First, please install Docker and download the PyCrayon container. For dependency
management we recommend Miniconda. To install the dependencies, simply activate your conda environment and then
pip install -r requirements.txt
.
Before starting any algorithm, please spin up the log server by
docker run -d -p 8888:8888 -p 8889:8889 --name crayon alband/crayon
docker start crayon
You can now view logs at localhost:8888
in your browser. To run DREAM, Deep CFR or SD-CFR with custom hyperparameters in
any Poker game supported by PokerRL, build a script similar to the ones in the root directory of this repo. Run-scripts define
the hyperparameters, the game to be played, and the evaluation metrics.
Note that you can specify one or both averaging methods under eval_modes_of_algo
. "Single" is the method introduced in [2] and also used in DREAM, and "AVG_NET" is the method used by Deep CFR [3]. Single is generally better [2]. We showed in [2] that SD-CFR is expected to perform better, is faster, and requires less memory.
For deployment on AWS, whether single-core, many-core distributed, or on a cluster, please first follow the tutorial in the corresponding section of PokerRL's README.
We recommend forking this repository so you can write your own scripts but still have remote access through git.
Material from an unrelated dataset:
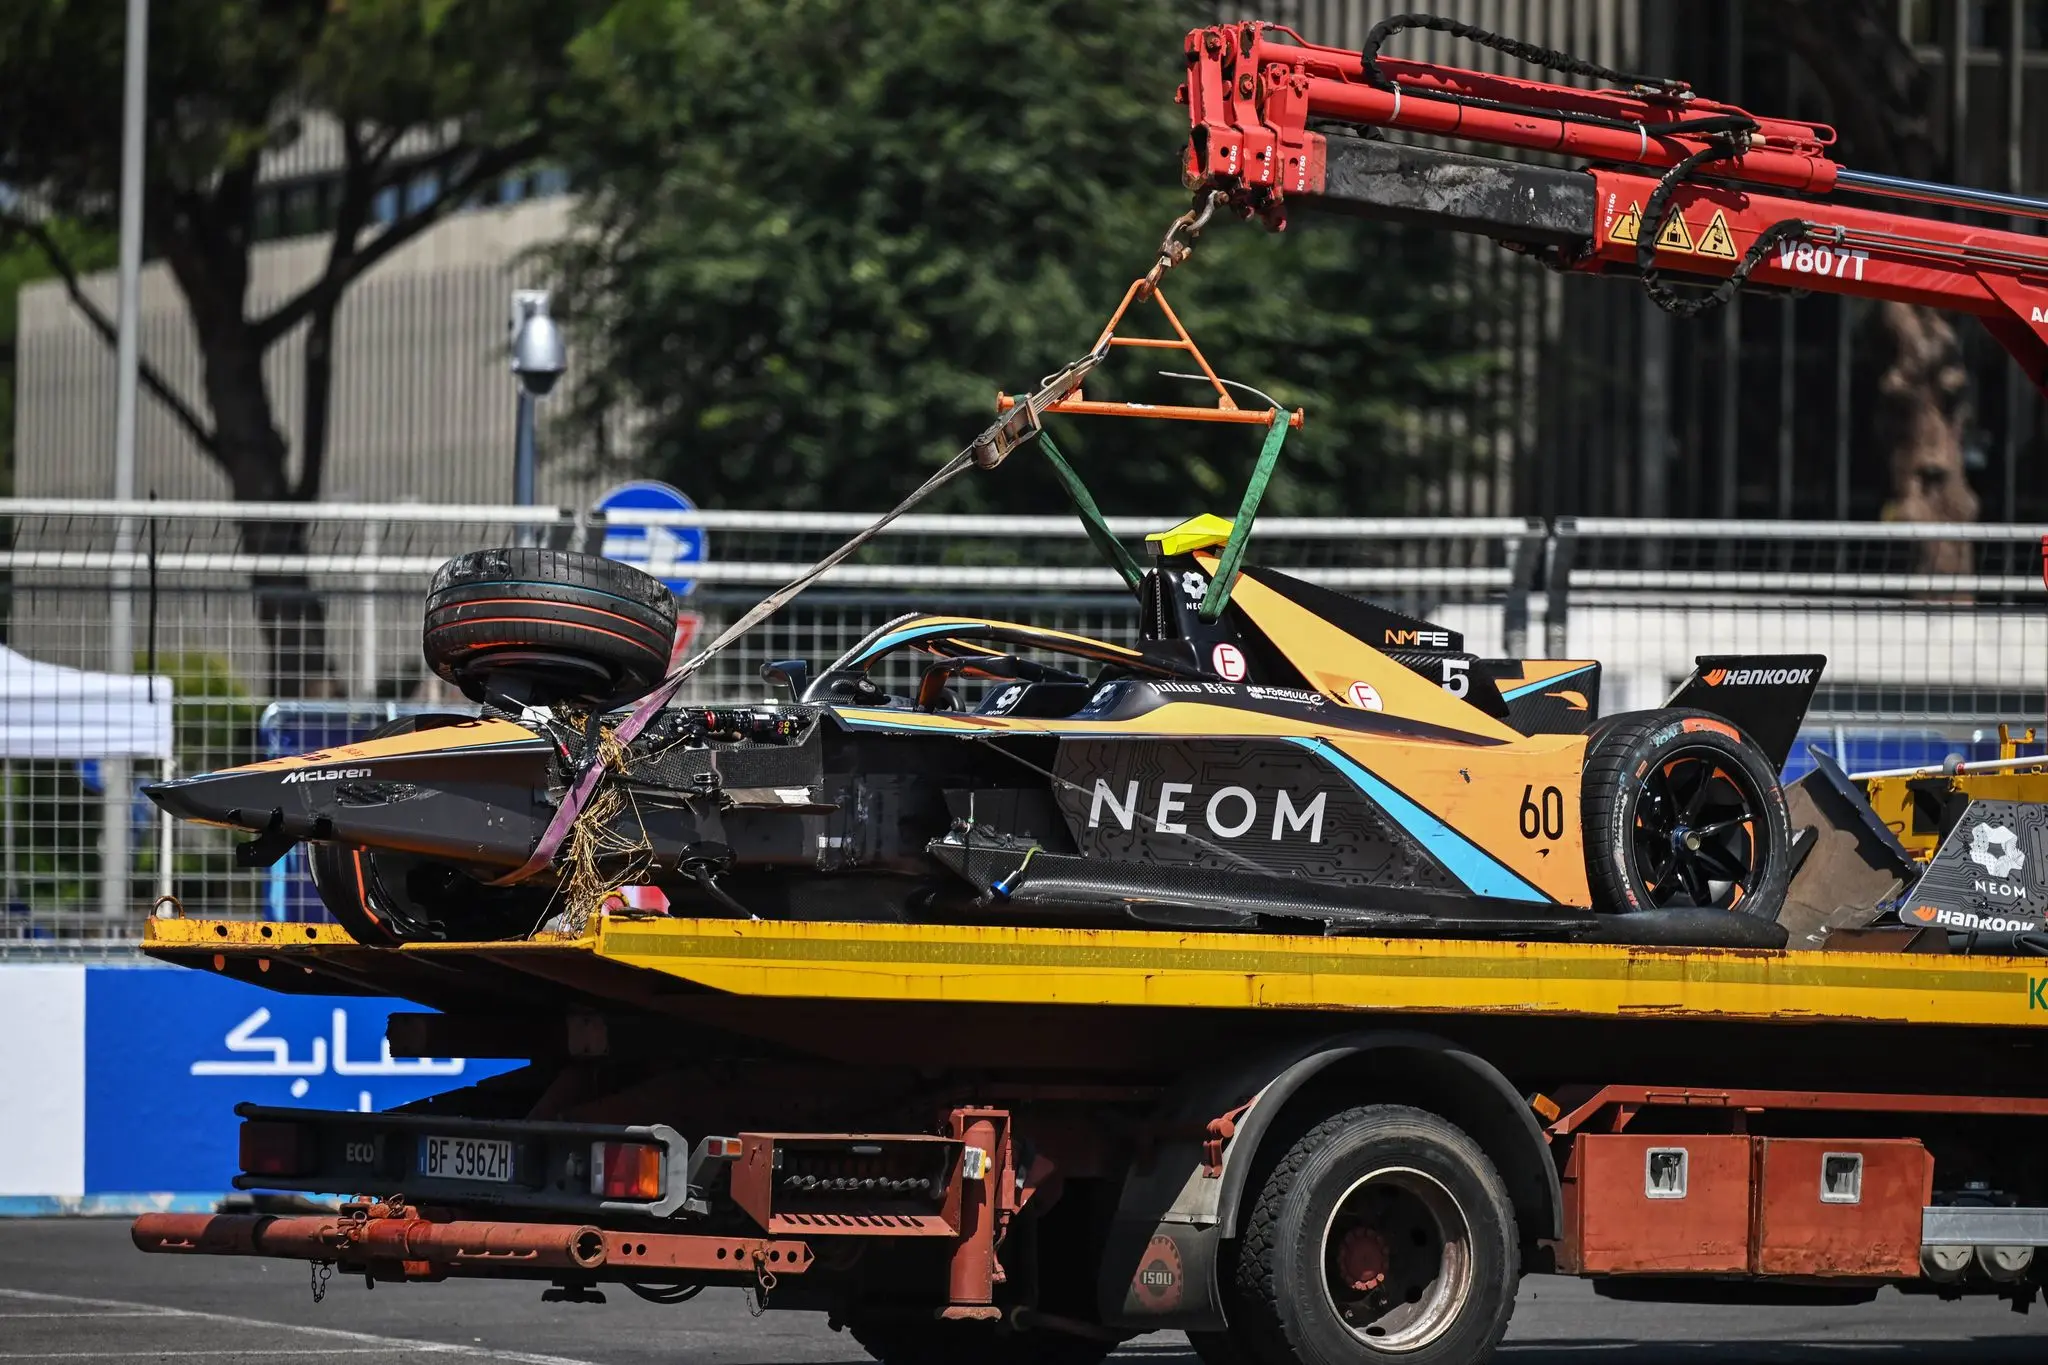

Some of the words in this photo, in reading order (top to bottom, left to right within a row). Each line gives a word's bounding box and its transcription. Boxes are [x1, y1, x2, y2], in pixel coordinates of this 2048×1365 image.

In your run-script set either the DISTRIBUTED
or the CLUSTER
option of the TrainingProfile to True.
Moreover, you should specify the number of LearnerActor
and evaluator workers (if applicable) you want to deploy.
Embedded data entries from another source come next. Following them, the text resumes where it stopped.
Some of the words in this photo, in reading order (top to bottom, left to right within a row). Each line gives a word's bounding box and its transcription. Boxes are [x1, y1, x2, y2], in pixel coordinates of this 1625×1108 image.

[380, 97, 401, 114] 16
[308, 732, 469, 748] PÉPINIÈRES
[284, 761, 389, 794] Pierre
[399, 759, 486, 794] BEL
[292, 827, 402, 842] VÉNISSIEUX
Note that hyperparmeters ending with "_per_la" (e.g. the batch size) are effectively multiplied by the number of
workers.
When running in DISTRIBUTED mode (i.e. one machine, many cores), simply ssh onto your AWS instance, get your code
onto it (e.g. through git cloning your forked repo) and start your run-script.
To fire up a cluster, define a .yaml
cluster configuration that properly sets up your workers. Each of them
should have a copy of your forked repo as well as all dependencies on it.
Use ray up ...
in an ssh session to the head of the cluster to start the job - more detailed instructions about
the underlying framework we use for distributed computing can be found at ray.
If you use this repository in your research, you can cite it by citing PokerRL as follows:
@misc{steinberger2019pokerrl,
author = {Eric Steinberger},
title = {PokerRL},
year = {2019},
publisher = {GitHub},
journal = {GitHub repository},
howpublished = {\url{https://github.com/TinkeringCode/PokerRL}},
}
This project is licensed under the MIT License - see the LICENSE file for details.
[1] Steinberger, Lerer, Brown. "DREAM: Deep Regret minimization with Advantage baselines and Model-free learning." arXiv preprint https://arxiv.org/abs/2006.10410 (2020).
[2] Steinberger, Eric. "Single Deep Counterfactual Regret Minimization." arXiv preprint arXiv:1901.07621 (2019).
[3] Brown, Noam, et al. "Deep Counterfactual Regret Minimization." ICML. 2019.
[4] Heinrich, Johannes, and David Silver. "Deep reinforcement learning from self-play in imperfect-information games." arXiv preprint arXiv:1603.01121 (2016).